Real estate industry sees FDI to go up 15% after ease of rules

Foreign investment in real estate sector saw a decline from $ 3.14 billion in 2011-12 to $0.08 billion in this year till September

By Sai Nikesh D

India’s real estate industry is expecting more than 15% increase in the inflow of capital from overseas annually after the government eased Foreign Direct Investment (FDI) norms, a survey has said.

“While about 55% felt that there will be more than 15% annual increase in FDI flow into realty sector, 23% felt the increase to be in the range of 10-15% and 22% felt that increase will be less than 10% annually from here on,” said the survey report “Impact of FDI Reforms on Indian Real Estate Sector,” conducted by the Federation of Indian Chamber of Commerce and Industry (FICCI).

According to the Department of Industrial Policy and Promotion (DIPP), FDI inflow into construction sector (including townships, housing, built-up infrastructure) between April 2000 and September 2015 is around $24.16 billion, which accounts for around 9% the total FDI inflows into the country during the period.

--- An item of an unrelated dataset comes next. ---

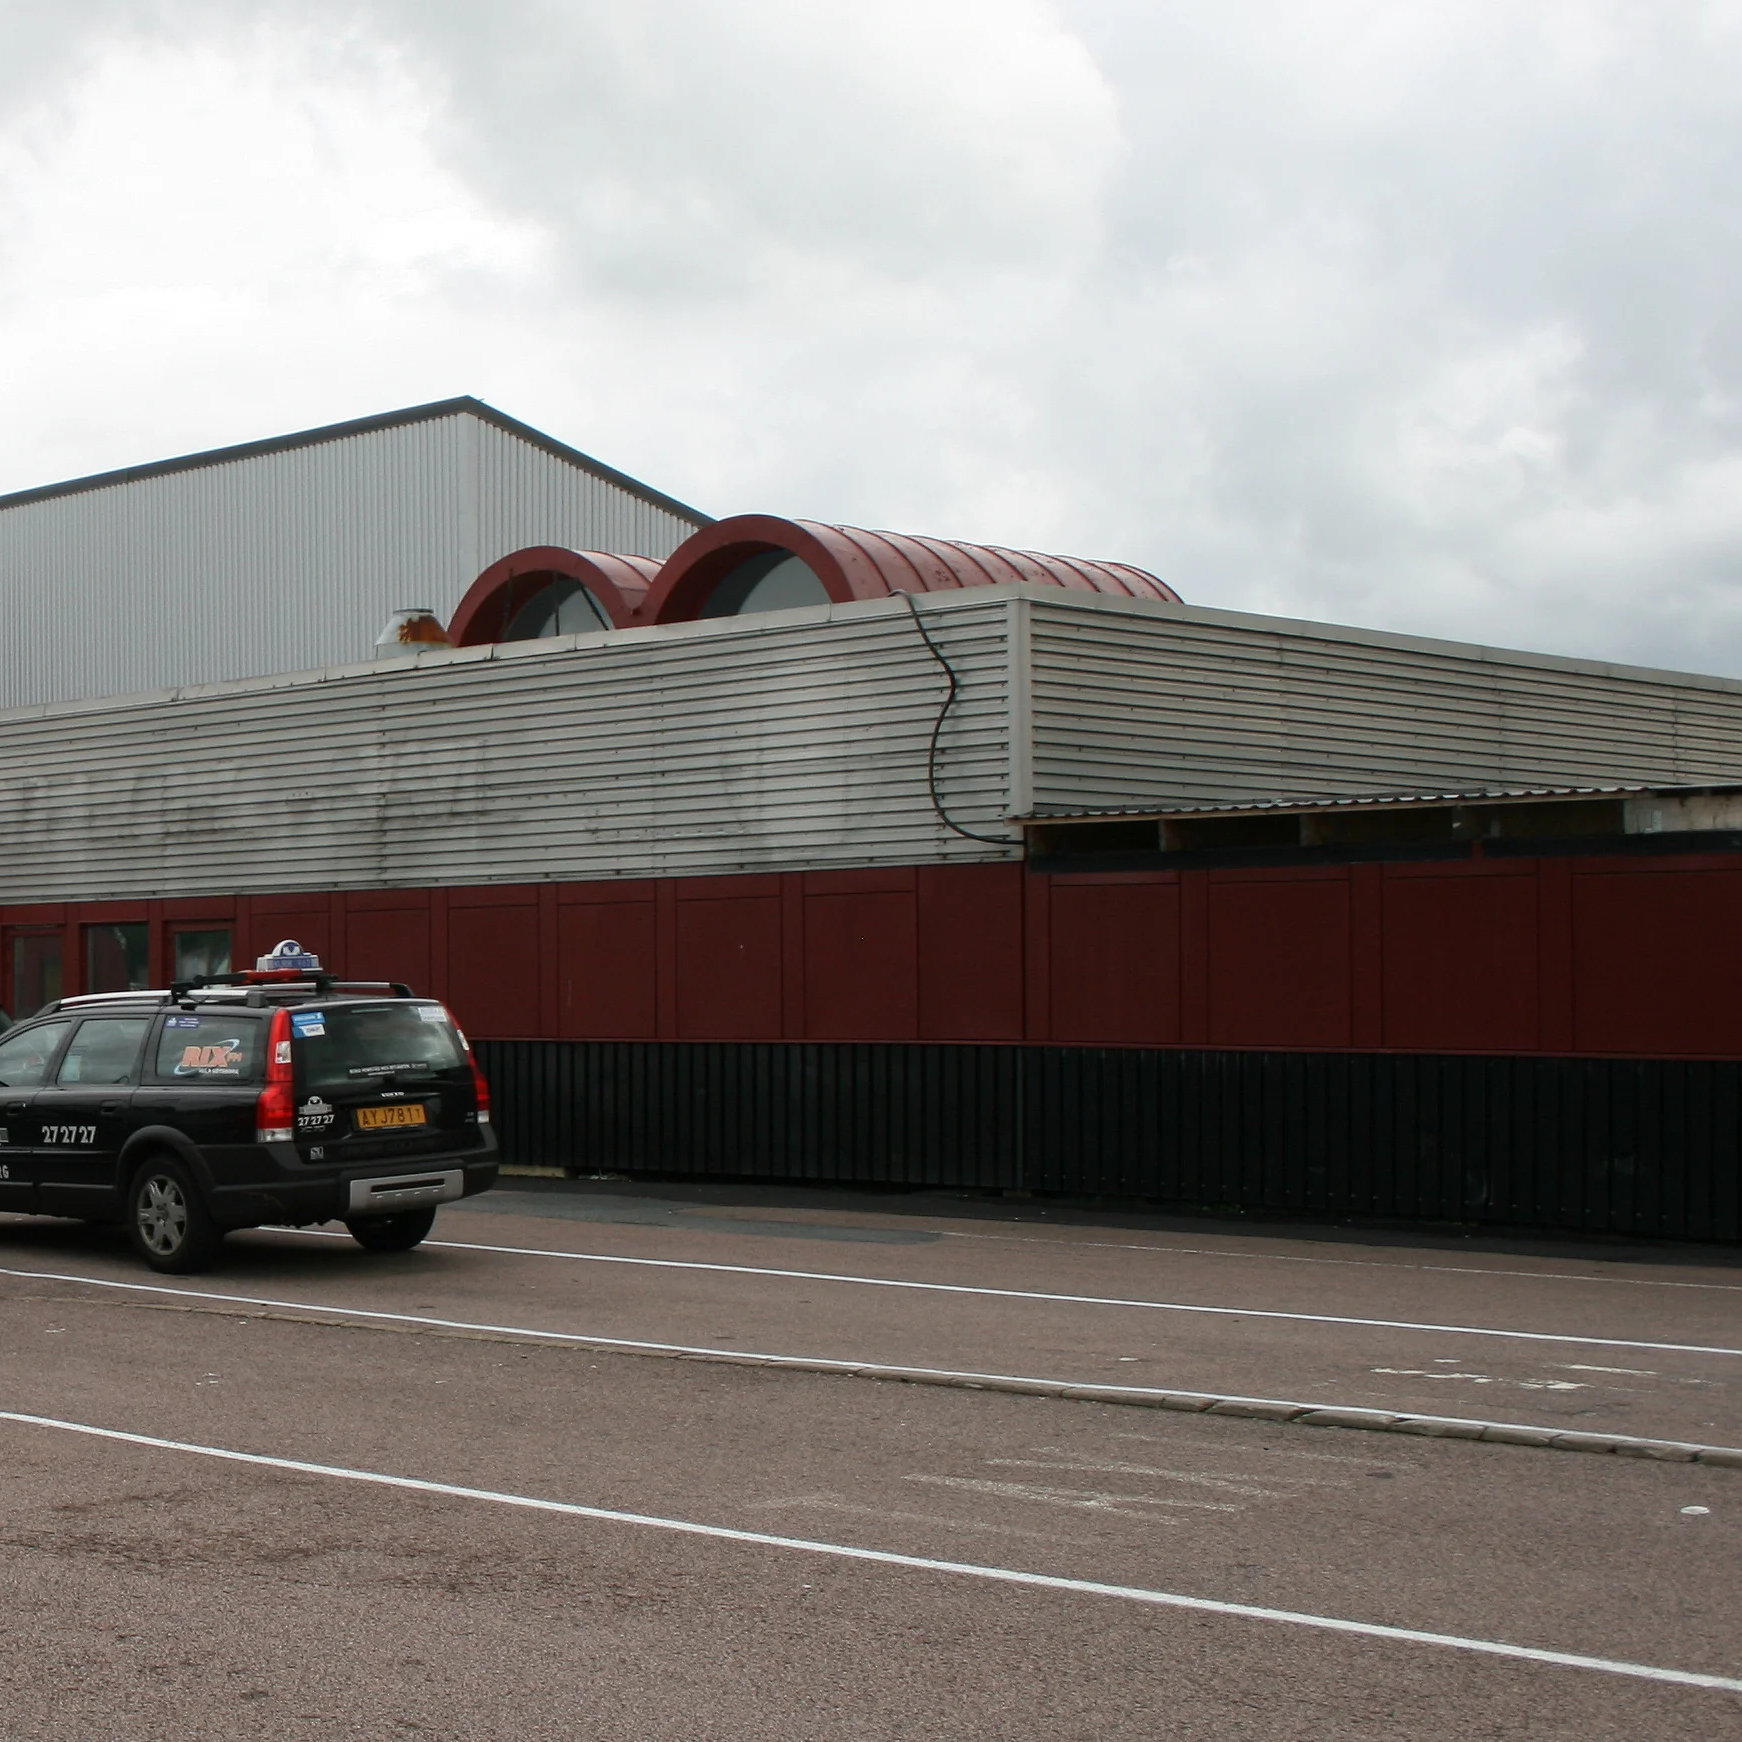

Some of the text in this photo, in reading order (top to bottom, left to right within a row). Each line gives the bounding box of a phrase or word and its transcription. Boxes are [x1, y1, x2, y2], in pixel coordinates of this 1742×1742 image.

[181, 1045, 232, 1069] RIX
[297, 1114, 335, 1127] 27 27 27
[41, 1125, 97, 1144] 27 27 27

Foreign investment in real estate sector saw a decline over the past few years from $ 3.14 billion in 2011-12 (April-March) to $0.08 billion in 2015-16 (April-September). Last month, the government had eased norms for foreign investors in 15 key sectors including realty.

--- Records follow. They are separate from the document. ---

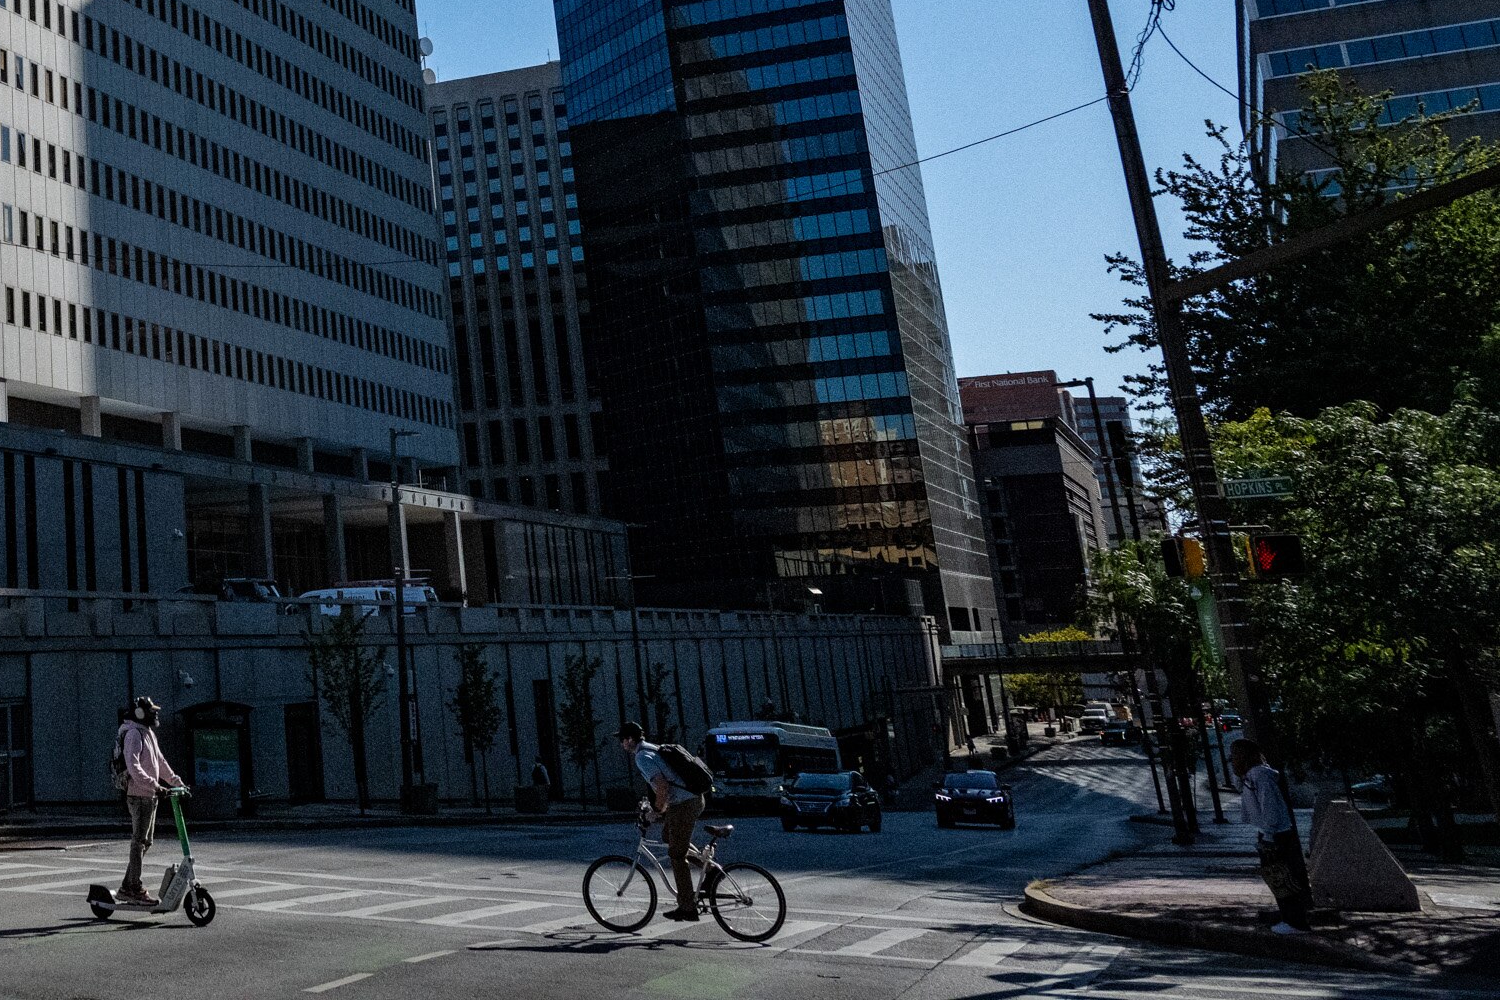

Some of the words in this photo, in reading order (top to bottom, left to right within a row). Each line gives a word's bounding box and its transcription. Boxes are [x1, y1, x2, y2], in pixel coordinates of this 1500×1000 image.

[974, 380, 991, 389] First
[991, 377, 1026, 387] National
[1026, 375, 1049, 384] Bank
[1226, 481, 1273, 496] HOPKINS
[1211, 646, 1220, 664] CITY

The survey, which assessed the mood of real estate industry after the relaxed FDI norms, found that 22% of the respondents are highly satisfied and 56% are satisfied with the changes made in FDI policy for construction development sector.

Responding to a query on ‘to what extent is ‘liberalisation of FDI norms’ helping the construction industry,’ Raju John, Executive Secretary, Builders’ Association of India, said that ‘the move was long overdue as the flow of funds to the real estate sector is yet to reach the desired level’.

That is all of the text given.